Se trata de una buena ocasión para acercarse a la obra del creador vitoriano que, bien sea por encontrarse afincado desde hace tiempo en Madrid, bien porque su obra se encuentre más presente en colecciones alemanas que españolas, o porque discurra por unos derroteros alejados de las tendencias dominantes, lo cierto es que no suele figurar las listas y antologías habituales del a veces tan cacareado arte vasco, (resulta en este sentido indicativo su exclusión del mapa que trazara Moraza en Incógnitas. Cartografías del Arte contemporáneo en Euskadi para el Guggenheim Bilbao).
Desde hace más de veinte años, Plágaro viene repitiendo sus series de Cuadros Iguales a partir de la premisa de que “lo importante no es lo que es, sino lo que es varias veces”, para construir a través de ellas un discurso coherente de relectura de la práctica artística.
La manera de proceder de Plágaro no deja de ser una manera de preguntarse (una y otra vez) sobre la producción de una obra de arte centrada en la pintura, en un momento de cuestionamiento de la práctica artística que se ha cebado especialmente con esta disciplina, a la que continuamente se quiere dar por muerta.
Como ya hiciera Rautschenberg en Factum I y Factum II, sus obras constan de pinturas aparentemente iguales, realizadas en series que pueden ir desde la pareja hasta la superación del medio centenar. Pero lo que en Rautschenberg no dejaba de ser un experimento llamado a cuestionar las nociones de original y copia, en Plágaro se ha convertido en un principio motor, en una idea subyacente a toda su trayectoria, al tiempo que es el elemento integrador de las piezas que componen cada serie particular.
La repetición como cuestionamiento de la idea de originalidad sobre la que se basaba el prestigio de la obra de arte ha tenido un amplio predicamento, desde Benjamin a Warhol, pasando por los apropiacionistas o la serialidad de los setenta. Pero frente a ellos y su recurso a las técnicas de reproducción mecánica, el trabajo de Plágaro destaca por su carácter manual. Sobre la superficie del cuadro, extiende capas de pintura de distinta densidad, creando unas tramas abstractas y no geométricas que solo responden a su propia expansión en el lienzo y a la búsqueda de un patrón compositivo que no parece alcanzarse más que en el equilibrio entre los diversos cuadros. Esta manera de trabajar hace imposible que la identidad entre las partes sea perfecta, enfrentando al espectador a la disyuntiva entre la parte y un todo que es algo más que la mera suma de los componentes.

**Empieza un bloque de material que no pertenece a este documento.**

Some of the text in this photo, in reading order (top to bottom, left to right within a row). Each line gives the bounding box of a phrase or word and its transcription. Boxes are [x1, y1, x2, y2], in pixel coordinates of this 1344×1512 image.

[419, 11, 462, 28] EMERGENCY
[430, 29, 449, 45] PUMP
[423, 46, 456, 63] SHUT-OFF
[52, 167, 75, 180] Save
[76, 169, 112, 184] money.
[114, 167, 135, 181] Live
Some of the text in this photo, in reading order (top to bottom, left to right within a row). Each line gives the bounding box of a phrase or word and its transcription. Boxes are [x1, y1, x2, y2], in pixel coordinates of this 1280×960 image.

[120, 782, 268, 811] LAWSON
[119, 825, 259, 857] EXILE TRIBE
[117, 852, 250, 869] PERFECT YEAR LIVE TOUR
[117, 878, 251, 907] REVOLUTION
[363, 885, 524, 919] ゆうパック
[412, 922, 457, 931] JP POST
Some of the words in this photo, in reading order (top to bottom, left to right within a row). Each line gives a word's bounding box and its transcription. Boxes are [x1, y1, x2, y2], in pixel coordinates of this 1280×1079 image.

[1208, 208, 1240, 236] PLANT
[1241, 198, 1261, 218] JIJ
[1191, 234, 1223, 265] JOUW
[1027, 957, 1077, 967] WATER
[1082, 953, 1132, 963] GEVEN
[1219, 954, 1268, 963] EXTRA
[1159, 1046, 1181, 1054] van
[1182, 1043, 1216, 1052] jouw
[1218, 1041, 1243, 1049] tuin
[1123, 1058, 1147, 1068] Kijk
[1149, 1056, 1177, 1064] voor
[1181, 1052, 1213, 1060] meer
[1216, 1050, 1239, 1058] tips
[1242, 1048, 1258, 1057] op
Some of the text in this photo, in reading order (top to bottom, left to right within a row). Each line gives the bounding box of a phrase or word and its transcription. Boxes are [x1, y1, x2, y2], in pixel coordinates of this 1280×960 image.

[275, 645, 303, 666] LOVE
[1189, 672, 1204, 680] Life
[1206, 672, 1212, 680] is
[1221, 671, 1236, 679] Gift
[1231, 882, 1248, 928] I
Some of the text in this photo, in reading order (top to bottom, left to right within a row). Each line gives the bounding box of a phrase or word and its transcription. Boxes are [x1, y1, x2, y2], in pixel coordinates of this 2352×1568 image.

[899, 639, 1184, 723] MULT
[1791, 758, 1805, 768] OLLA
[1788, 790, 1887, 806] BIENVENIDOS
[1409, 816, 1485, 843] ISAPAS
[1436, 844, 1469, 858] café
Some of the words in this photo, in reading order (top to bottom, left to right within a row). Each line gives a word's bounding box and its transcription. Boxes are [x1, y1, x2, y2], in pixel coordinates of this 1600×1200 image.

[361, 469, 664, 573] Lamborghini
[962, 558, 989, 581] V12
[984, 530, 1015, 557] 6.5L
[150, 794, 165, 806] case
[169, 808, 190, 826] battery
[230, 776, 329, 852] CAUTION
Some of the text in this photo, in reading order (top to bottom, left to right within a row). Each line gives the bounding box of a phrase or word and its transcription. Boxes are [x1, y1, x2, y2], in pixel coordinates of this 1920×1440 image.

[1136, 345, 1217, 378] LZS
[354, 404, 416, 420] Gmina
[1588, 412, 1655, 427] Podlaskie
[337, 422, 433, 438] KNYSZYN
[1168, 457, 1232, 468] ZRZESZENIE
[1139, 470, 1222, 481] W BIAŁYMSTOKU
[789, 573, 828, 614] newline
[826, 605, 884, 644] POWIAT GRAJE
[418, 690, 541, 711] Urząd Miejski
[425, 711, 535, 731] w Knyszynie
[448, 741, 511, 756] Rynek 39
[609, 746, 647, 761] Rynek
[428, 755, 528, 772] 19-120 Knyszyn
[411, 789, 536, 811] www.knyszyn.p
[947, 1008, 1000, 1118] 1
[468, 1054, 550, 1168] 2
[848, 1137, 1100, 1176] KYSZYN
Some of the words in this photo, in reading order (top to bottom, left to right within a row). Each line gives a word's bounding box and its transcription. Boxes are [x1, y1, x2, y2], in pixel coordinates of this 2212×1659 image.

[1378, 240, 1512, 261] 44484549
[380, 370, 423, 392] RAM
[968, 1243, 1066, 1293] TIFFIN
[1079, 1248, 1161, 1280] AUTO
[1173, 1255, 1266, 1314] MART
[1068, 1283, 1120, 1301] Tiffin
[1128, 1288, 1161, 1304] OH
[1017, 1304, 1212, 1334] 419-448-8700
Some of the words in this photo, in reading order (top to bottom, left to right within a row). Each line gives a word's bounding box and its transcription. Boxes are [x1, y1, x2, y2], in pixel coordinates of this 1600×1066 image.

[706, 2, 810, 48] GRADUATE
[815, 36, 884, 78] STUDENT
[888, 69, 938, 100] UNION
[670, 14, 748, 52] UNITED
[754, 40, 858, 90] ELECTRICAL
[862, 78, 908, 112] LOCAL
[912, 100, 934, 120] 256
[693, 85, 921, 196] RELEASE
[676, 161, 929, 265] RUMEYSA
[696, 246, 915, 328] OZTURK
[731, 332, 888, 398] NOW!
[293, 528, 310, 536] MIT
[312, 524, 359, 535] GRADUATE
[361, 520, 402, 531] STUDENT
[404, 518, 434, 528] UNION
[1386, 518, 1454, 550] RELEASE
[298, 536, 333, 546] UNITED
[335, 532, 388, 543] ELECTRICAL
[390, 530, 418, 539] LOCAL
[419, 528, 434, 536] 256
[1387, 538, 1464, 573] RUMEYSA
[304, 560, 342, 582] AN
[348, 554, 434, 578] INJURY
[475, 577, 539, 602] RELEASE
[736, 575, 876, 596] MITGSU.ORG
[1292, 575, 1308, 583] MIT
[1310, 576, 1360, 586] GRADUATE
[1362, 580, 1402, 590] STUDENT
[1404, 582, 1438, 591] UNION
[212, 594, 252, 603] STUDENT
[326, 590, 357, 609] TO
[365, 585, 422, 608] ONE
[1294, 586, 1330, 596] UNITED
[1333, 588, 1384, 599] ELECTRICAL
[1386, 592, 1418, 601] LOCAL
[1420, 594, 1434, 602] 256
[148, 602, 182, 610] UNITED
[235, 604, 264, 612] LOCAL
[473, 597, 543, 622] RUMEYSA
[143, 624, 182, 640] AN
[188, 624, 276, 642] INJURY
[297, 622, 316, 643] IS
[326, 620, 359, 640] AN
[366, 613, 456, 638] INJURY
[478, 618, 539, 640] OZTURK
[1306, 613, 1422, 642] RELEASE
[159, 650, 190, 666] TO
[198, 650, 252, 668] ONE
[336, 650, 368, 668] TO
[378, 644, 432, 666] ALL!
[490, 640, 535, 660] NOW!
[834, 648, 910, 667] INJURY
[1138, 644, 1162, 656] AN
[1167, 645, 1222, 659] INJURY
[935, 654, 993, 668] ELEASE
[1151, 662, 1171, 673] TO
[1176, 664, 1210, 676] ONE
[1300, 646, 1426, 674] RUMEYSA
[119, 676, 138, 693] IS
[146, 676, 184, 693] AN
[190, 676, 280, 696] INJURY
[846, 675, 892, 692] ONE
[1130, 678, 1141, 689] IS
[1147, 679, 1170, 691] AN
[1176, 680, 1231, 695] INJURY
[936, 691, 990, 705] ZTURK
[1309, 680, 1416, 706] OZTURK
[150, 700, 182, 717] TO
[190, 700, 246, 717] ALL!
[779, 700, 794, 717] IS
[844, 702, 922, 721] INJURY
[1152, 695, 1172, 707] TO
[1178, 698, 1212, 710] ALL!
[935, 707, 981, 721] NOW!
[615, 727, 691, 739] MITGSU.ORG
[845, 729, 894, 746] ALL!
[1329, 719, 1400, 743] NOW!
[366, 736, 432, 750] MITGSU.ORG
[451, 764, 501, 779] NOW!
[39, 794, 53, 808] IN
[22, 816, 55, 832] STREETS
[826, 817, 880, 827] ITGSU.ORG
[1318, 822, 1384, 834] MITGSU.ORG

Pero sobre todo, al repetir los trazos, la obra de Plágaro se centra en el gesto que la produce. Sin embargo, se aparta también de la gestualidad de los expresionistas abstractos, al ser su gesto reflexivo y no fruto de ningún brote de subjetividad de raíces post-románticas. Así que su trabajo en paralelo no solo borra la idea de original y copia, sino que introduce un elemento de búsqueda, de prueba y error, repetido en cada uno de los cuadros hasta lograr el resultado final, que se acerca a la composición musical por su atención a los procedimientos de repetición, variación y desarrollo.
Porque contrariamente a lo que pudiera parecer, la obra de Plágaro, aunque constituida sobre la repetición, está abierta al desarrollo, como dejan ver las propias veladuras de la pintura, que traslucen su proceso de aplicación. También es una obra que evoluciona. De sus series iniciales a las últimas, se puede asistir a una disolución paulatina de las formas, todavía perceptibles en sus cuadros de los años noventa, que se han ido volviendo cada vez menos definidas, hasta quedar reducidas al simple trazo vertical, horizontal o diagonal de sus últimas creaciones.
Esa importancia del proceso se verá acentuada por el hecho de que Álvarez Plágaro deja sus series voluntariamente inconclusas, al no imponer ninguna disposición preconcebida de los cuadros, no solo en cuanto al orden de las partes (al fin y al cabo no hay original), sino en cuanto a su colocación en el espacio, dejando a criterio del galerista, comisario o propietario el sentido o la manera de agruparse. La única condición que pone es la distancia entre las partes, que viene dada por el fondo de cada los cuadros. De hecho se permite incluso la posibilidad de fraccionar la serie, siempre que queden al menos dos cuadros juntos.
El gesto repetitivo de Plágaro parece tener por objetivo liberar a la pintura casi como lo hace un mantra con la mente. Despojada de la figuración, de la subjetividad, de la propia forma… el trazo que deja una y otra vez sobre el lienzo no parece tener otra finalidad que llegar a la esencia del acto de crear, al proceso en estado puro, al enfrentamiento de la pintura consigo misma.